### [Prompt]
What is needed is an exact copy of the listing, with no pictures in it.

_ _ _ _ _

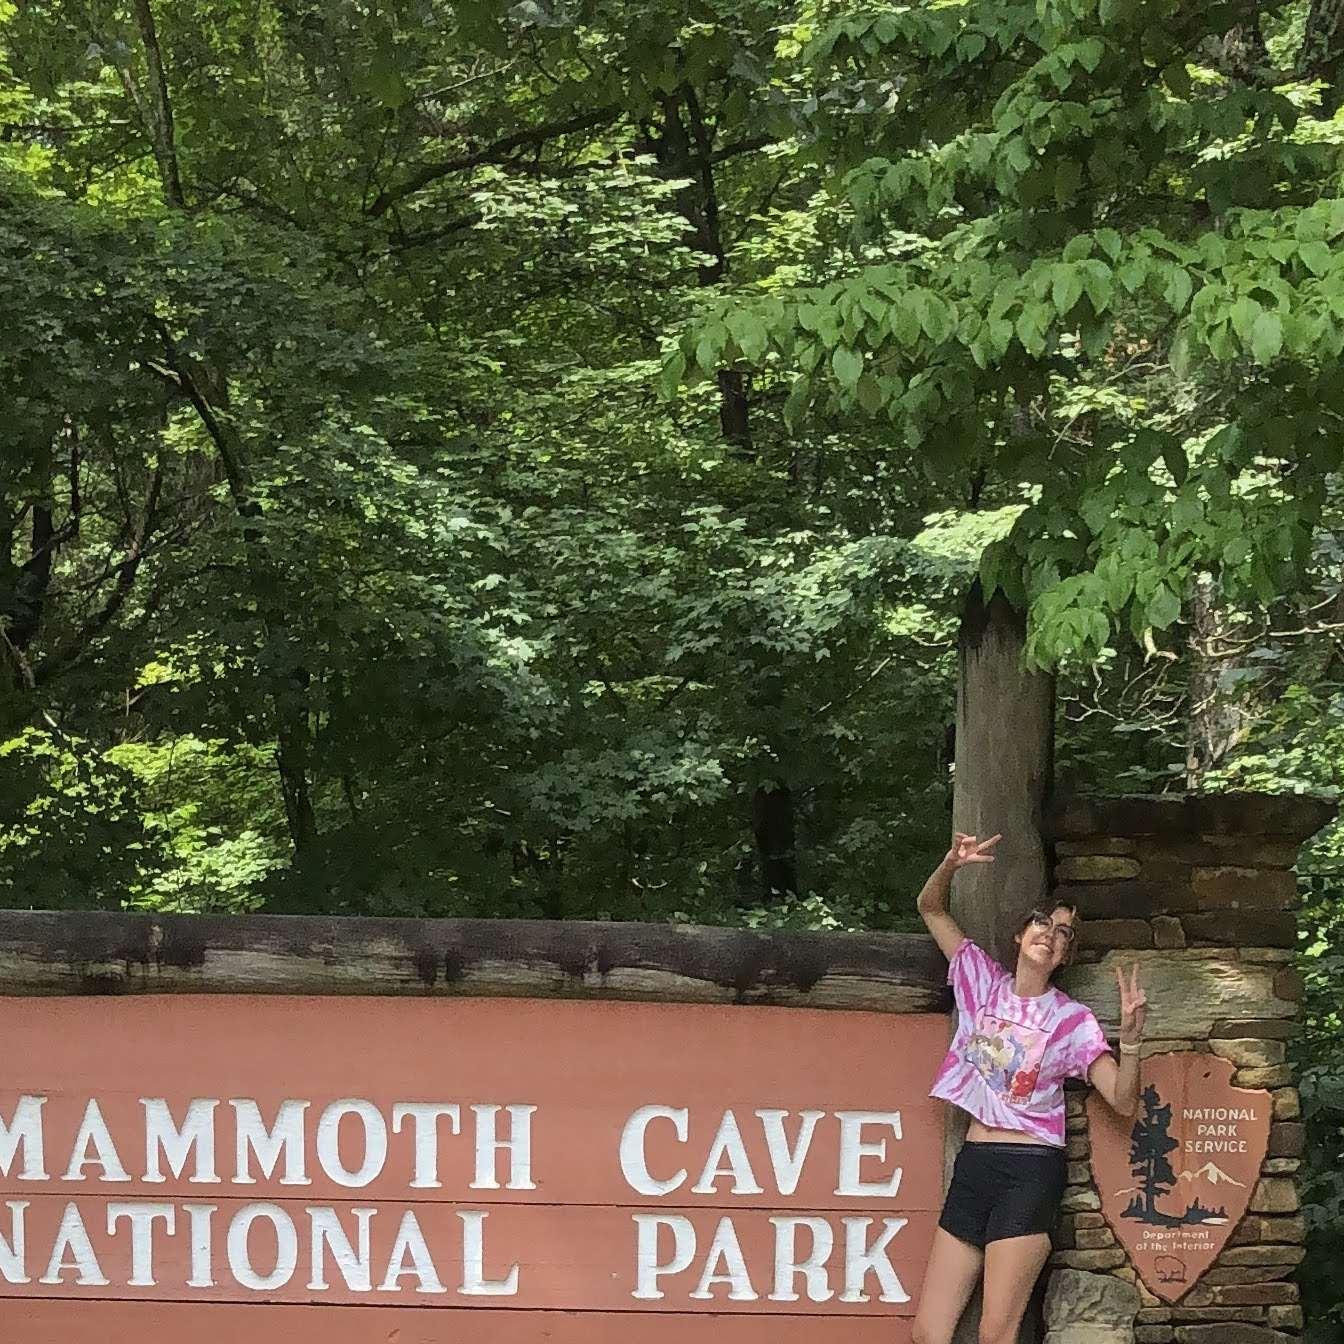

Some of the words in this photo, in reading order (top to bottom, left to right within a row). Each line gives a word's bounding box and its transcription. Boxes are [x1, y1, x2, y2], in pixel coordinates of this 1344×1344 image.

[1183, 1108, 1257, 1121] NATIONAL
[1197, 1124, 1238, 1137] PARK
[619, 1104, 903, 1197] CAVE
[1185, 1140, 1248, 1153] SERVICE
[1143, 1230, 1209, 1240] Department
[1151, 1242, 1168, 1251] the
[1172, 1242, 1216, 1250] Interior
[631, 1213, 912, 1303] PARK

_ _ _ _ _

### [Response]
Some of the words in this photo, in reading order (top to bottom, left to right within a row). Each line gives a word's bounding box and its transcription. Boxes are [x1, y1, x2, y2], in pixel coordinates of this 1344×1344 image.

[1183, 1108, 1257, 1121] NATIONAL
[1197, 1124, 1238, 1137] PARK
[619, 1104, 903, 1197] CAVE
[1185, 1140, 1248, 1153] SERVICE
[1143, 1230, 1209, 1240] Department
[1151, 1242, 1168, 1251] the
[1172, 1242, 1216, 1250] Interior
[631, 1213, 912, 1303] PARK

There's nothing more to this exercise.